Q&A

Psychodermatology for Skin Conditions

Psychodermatology for Skin Conditions

How can a psychological approach help skin disorders? Find out from clinical psychotherapist Matthew Traube.

Q
What is psychodermatology?
A

Psychodermatology is how the mind influences the skin and how the skin influences the mind. I help people deal with the psychological aspects of skin conditions. Skin conditions can affect self-esteem, relationships and professional development. I help people put the skin problem in perspective so they can better deal with their lives.

Q
What are the first steps to stopping a routine of fixating on the skin?
A

First, consciously identify your behavior patterns. So much of how we live is on autopilot. Many people that I speak with will say that the first thing they do in the morning is think about their skin. Then there will be predictable times throughout the day where they gravitate towards focusing on their skin. Here’s the tricky part, when I ask people during sessions when they focus on their skin, most people can tell me without thinking too much about it, but in the moment, many people don’t fully recognize when they are putting so much focus on their skin. I believe it’s hard to change a habit if we do not consciously identify when it’s happening. I generally tell my clients to start by consciously identifying when they are focusing on the skin. Once they get better at identifying the habit, they will then get an opportunity to learn how to make a choice about how to manage it. They can either continue the habit or work on changing the habit.

Q
Can you tell me more about skin picking. Is it anxiety or OCD related. How is it treated? Are medications helpful?
A

When treating skin picking, hair pulling or other body-focused repetitive behaviors it’s important to recognize that it can be both a behavioral problem and an emotional one. Both problems need to be treated. Skin picking for example, can be used to relieve emotional discomfort, physical discomfort, or a blend of the two. People tend to pick when they are anxious or stressed, but many people are surprised to learn that people also pick when they are feeling relaxed, watching television or using a computer. Many of my clients often describe being in a trance-like state and not being fully aware of the behavior. They might be working on a stressful project while they are simultaneously picking. They might be watching a stimulating television show and unaware that they are simultaneously picking. It is widely believed that skin picking can be associated with anxiety or OCD. People are often unaware that they are doing it.

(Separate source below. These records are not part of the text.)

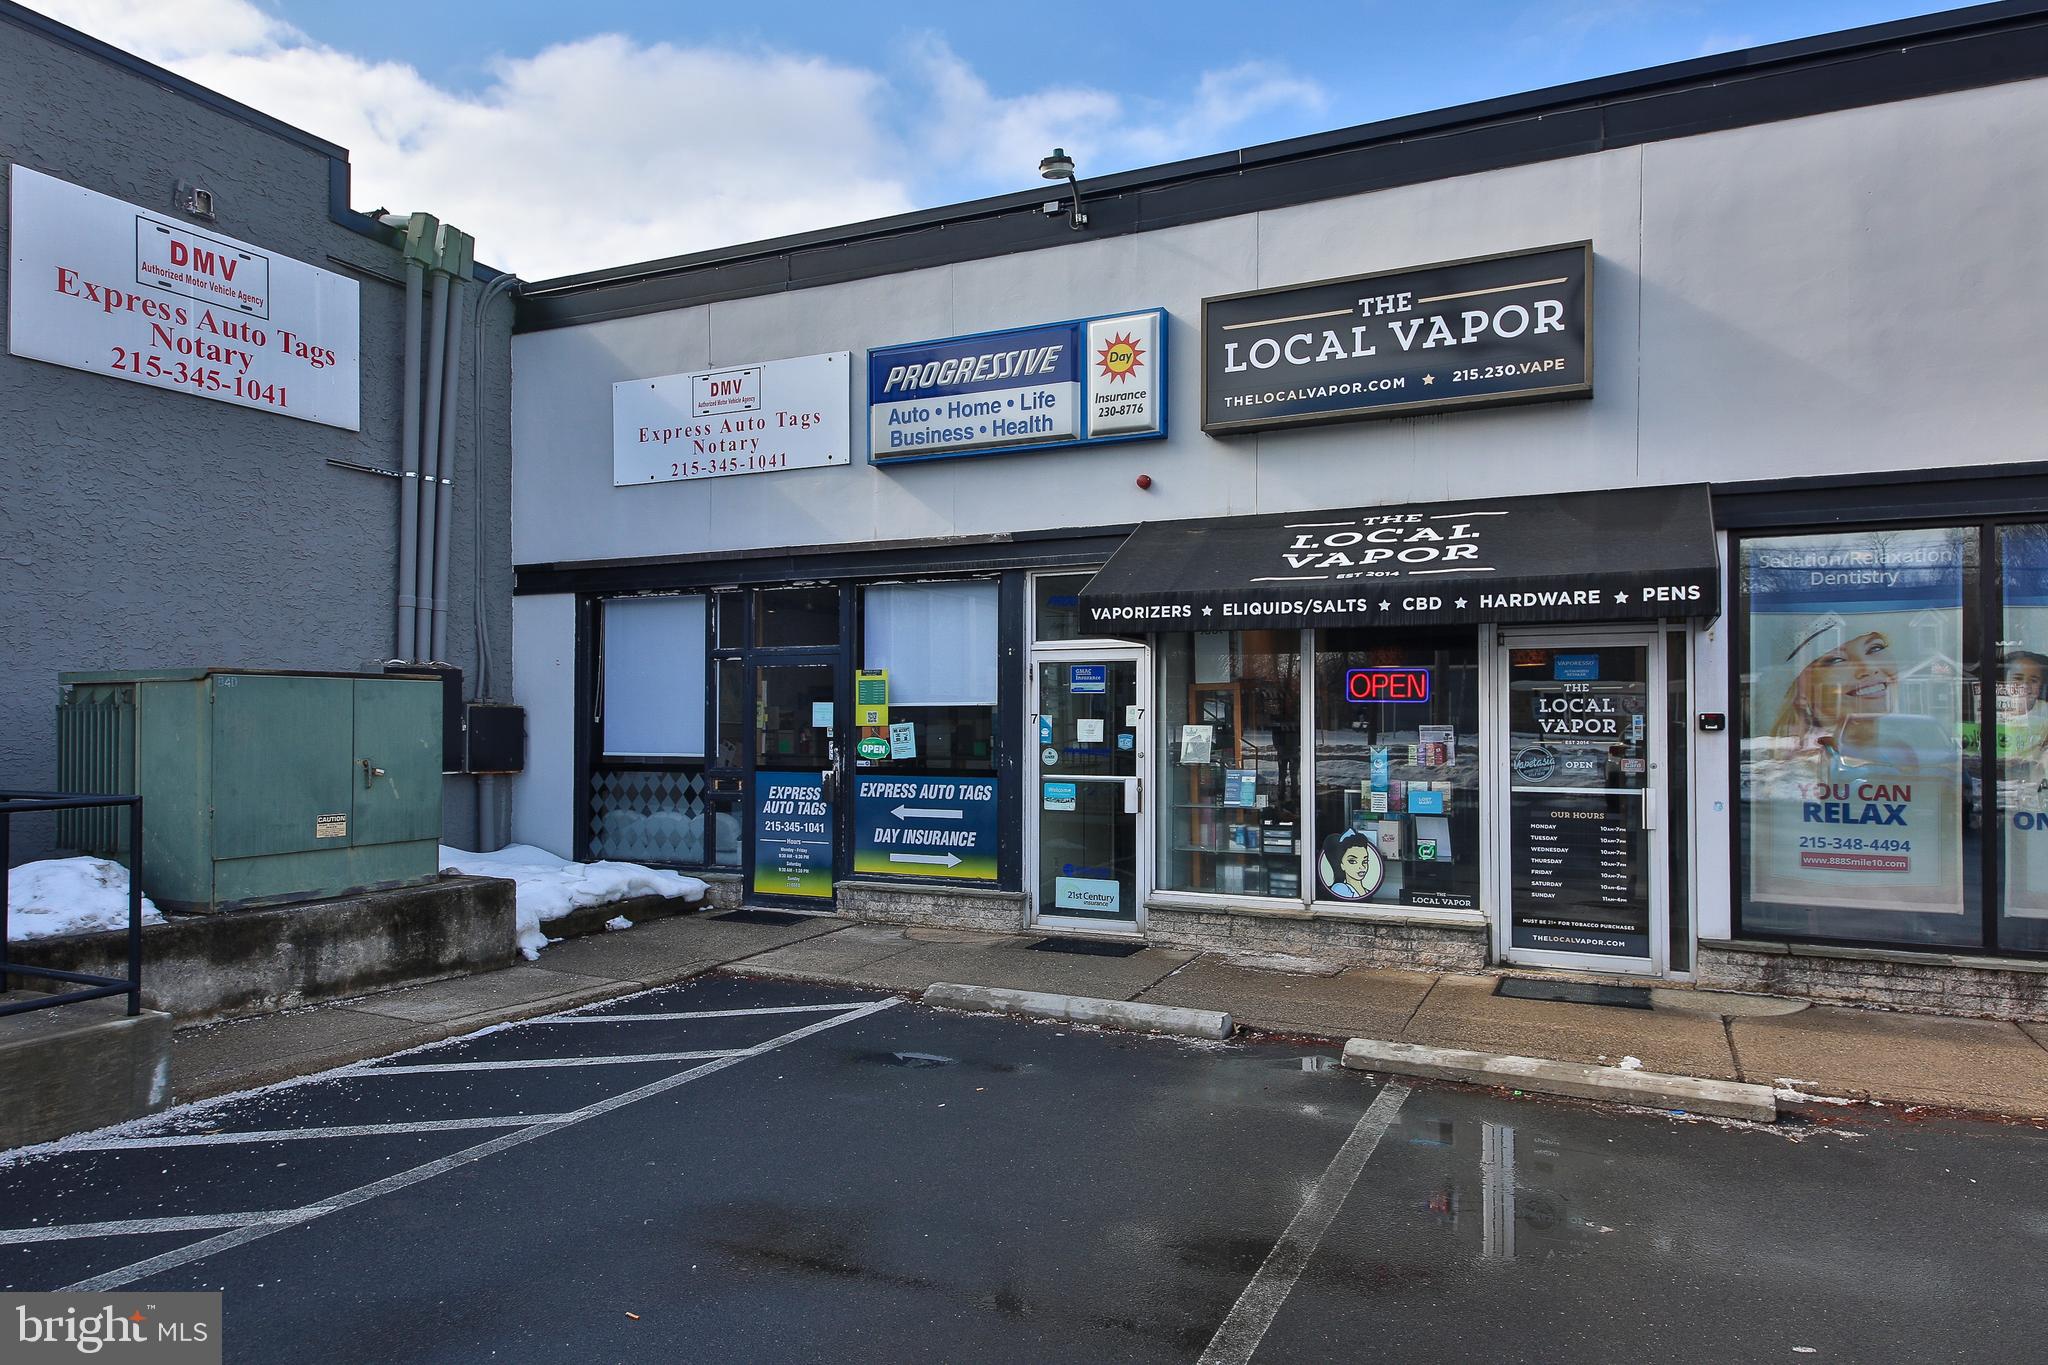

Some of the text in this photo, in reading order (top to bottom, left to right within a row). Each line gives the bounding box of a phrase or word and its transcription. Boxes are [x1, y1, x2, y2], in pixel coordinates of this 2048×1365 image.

[171, 240, 237, 281] DMV
[142, 261, 264, 308] Authorized Motor Vehicle Agency
[1358, 292, 1412, 317] THE
[55, 266, 336, 369] Express Auto Tags
[1224, 299, 1565, 373] LOCAL VAPOR
[150, 322, 253, 375] Notary
[1109, 351, 1132, 364] Day
[111, 346, 288, 408] 215-345-1041
[884, 345, 1063, 393] PROGRESSIVE
[711, 379, 742, 397] DMV
[1224, 358, 1565, 408] THELOCALVAPOR.COM 215.230.VAPE
[1095, 390, 1147, 404] Insurance
[888, 391, 1056, 426] Auto Home Life
[1098, 403, 1144, 417] 230-8776
[639, 410, 821, 444] Express Auto Tags
[890, 414, 1053, 447] Business Health
[692, 437, 760, 456] Notary
[672, 453, 787, 477] 215-345-1041
[1363, 514, 1423, 526] THE
[1290, 523, 1480, 549] LOCAL
[1282, 544, 1479, 569] VAPOR
[1759, 549, 1952, 569] Sedation/Relaxation
[1811, 570, 1899, 587] Dentistry
[1091, 585, 1701, 620] VAPORIZERS ELIQUIDS/SALTS CBD HARDWARE PENS
[1350, 673, 1426, 699] OPEN
[1564, 684, 1589, 692] THE
[1138, 709, 1145, 719] 7
[1540, 699, 1615, 713] LOCAL
[1030, 713, 1038, 724] 7
[1538, 719, 1617, 733] VAPOR
[861, 744, 886, 754] OPEN
[769, 786, 821, 800] EXPRESS
[860, 782, 993, 801] EXPRESS AUTO TAGS
[1797, 783, 1911, 801] YOU CAN
[763, 801, 827, 816] AUTO TAGS
[1573, 811, 1605, 819] HOURS
[1803, 802, 1907, 826] RELAX
[318, 815, 346, 823] CAUTION
[765, 820, 824, 833] 215-345-1041
[874, 828, 977, 847] DAY INSURANCE
[1799, 836, 1911, 852] 215-348-4494
[1803, 855, 1906, 868] www.888Smile10.com
[1067, 890, 1114, 903] 21st Century
[1442, 898, 1471, 906] VAPOR
[1600, 923, 1635, 931] PURCHASES
[1532, 934, 1625, 947] THELOCALVAPOR.COM

Although there is seldom a magic bullet, the key is to figure out when it is happening and what the motivation behind the behavior is. Then find practical tools to change it. For example, on one level I might advise someone to spend less time in the bathroom if looking into the bathroom mirror triggers the urge to pick the skin. If you are vulnerable to picking your scalp while working at the computer, you might wear a hat. It’s common for people to pick more when they are alone, so I might suggest creating a weekly schedule that reduces the time someone is spending alone. Social support is an important tool.

Q
Thoughts on treating skin picking or excoriation disorder
A

Skin picking, hair pulling, nail-biting, cheek biting, and other body-focused repetitive behaviors are often used to help regulate emotions. It can be a coping strategy to reduce emotional discomfort, physical discomfort, or both. For many people, skin picking allows temporary relief from stress or anxiety. Picking can occur both consciously and unconsciously. Once it becomes a habit, many people will pick when they are bored or slightly focused on a task, just enough to make it hard for them to be consciously aware that they are picking.

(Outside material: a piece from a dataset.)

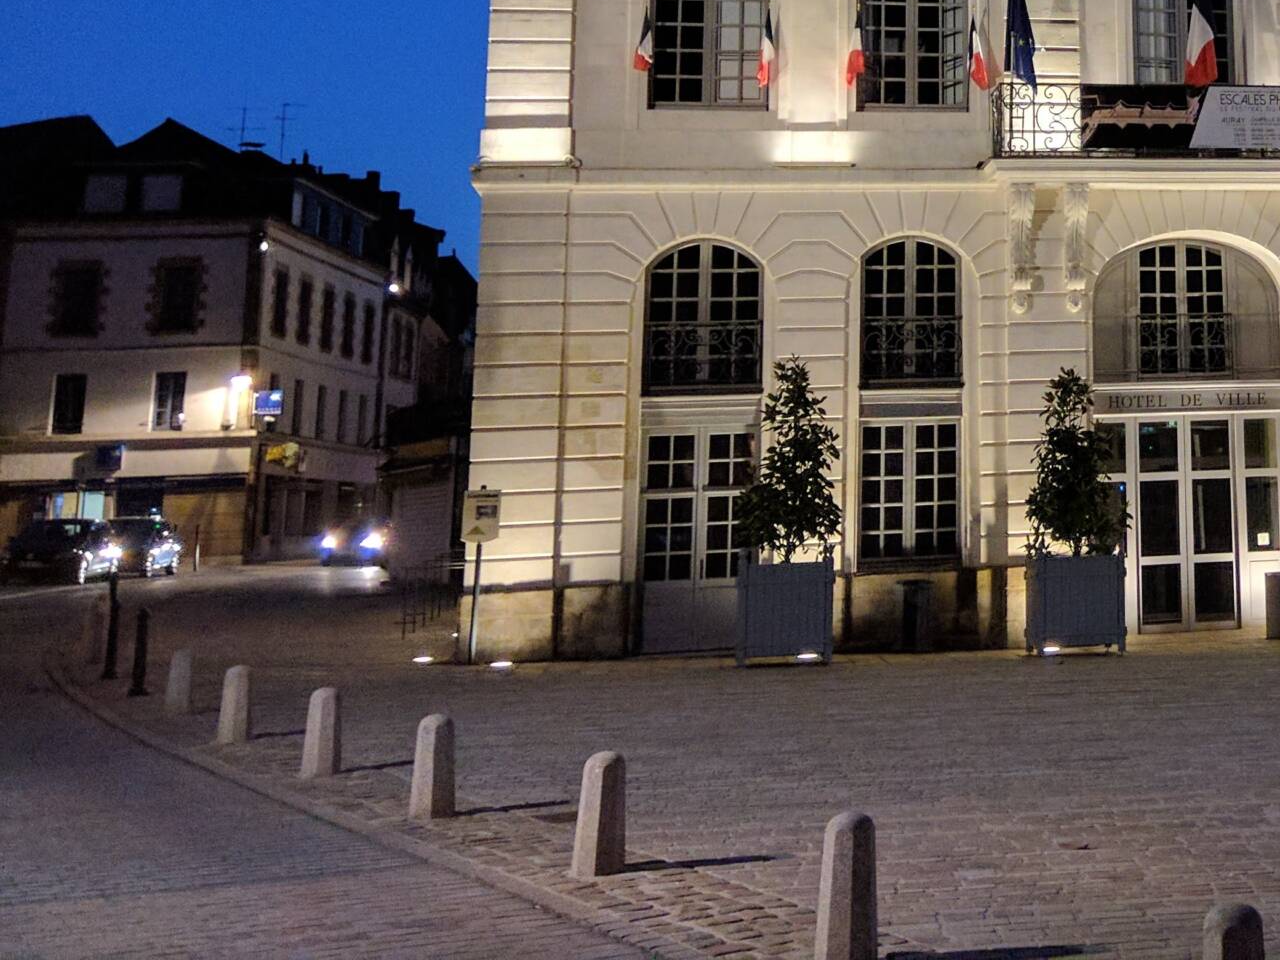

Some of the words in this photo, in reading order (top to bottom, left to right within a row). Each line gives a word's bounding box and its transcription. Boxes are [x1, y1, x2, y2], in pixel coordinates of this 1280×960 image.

[1220, 93, 1267, 106] ESCALES
[1109, 394, 1167, 409] HOTEL
[1181, 394, 1202, 408] DE
[1216, 392, 1267, 407] VILLE

I help people stop skin picking by using a combination of cognitive-behavioral therapy, habit reversal training, mindfulness, and for some, psychodynamic therapy. I want to give people strategies to address the physical act of skin picking and also strategies to address deeper emotional triggers. For example, on a behavioral level, I might advise you to cover your mirrors because mirrors tend to be a big trigger. When seeing skin imperfections, it can be very tempting to try to fix them with skin picking. We also want to identify what deeper psychological function the habit serves. Does it help you get through a challenging work meeting or a boring class? Once we have a better understanding of when the habit occurs and what your triggers are, we can then create interventions to reduce picking in those areas.

Q
How do you help build self-esteem that has been lessened due to a history of severe facial acne? The acne has left some scarring.
A

I generally notice that younger people deal with skin issues during important developmental periods. Often building back self-esteem after skin issues can be more challenging. For instance, if you have a history of limiting your social life because of skin issues or convincing yourself that you are not dateable, later on in life, you may experience both physical scarring and emotional scarring. However, your skin does not define you. We want to challenge your notion of why you may feel insecure about your social life.

There are feelings and facts. Feelings are subjective and are constantly changing. Facts do not change. You may think your self-worth is diminished while others think highly of you. There is great power in that dynamic. Just as you learned that you're flawed because of bad skin, you can unlearn it, you can identify when bad feelings happen and question your thoughts. Your thoughts are subjective and can be adjusted to better fit your reality and be made more accurate. Most people gradually learn that they have the power to adjust their thinking. They can become much kinder and more realistic. When they do that, self-worth will often grow.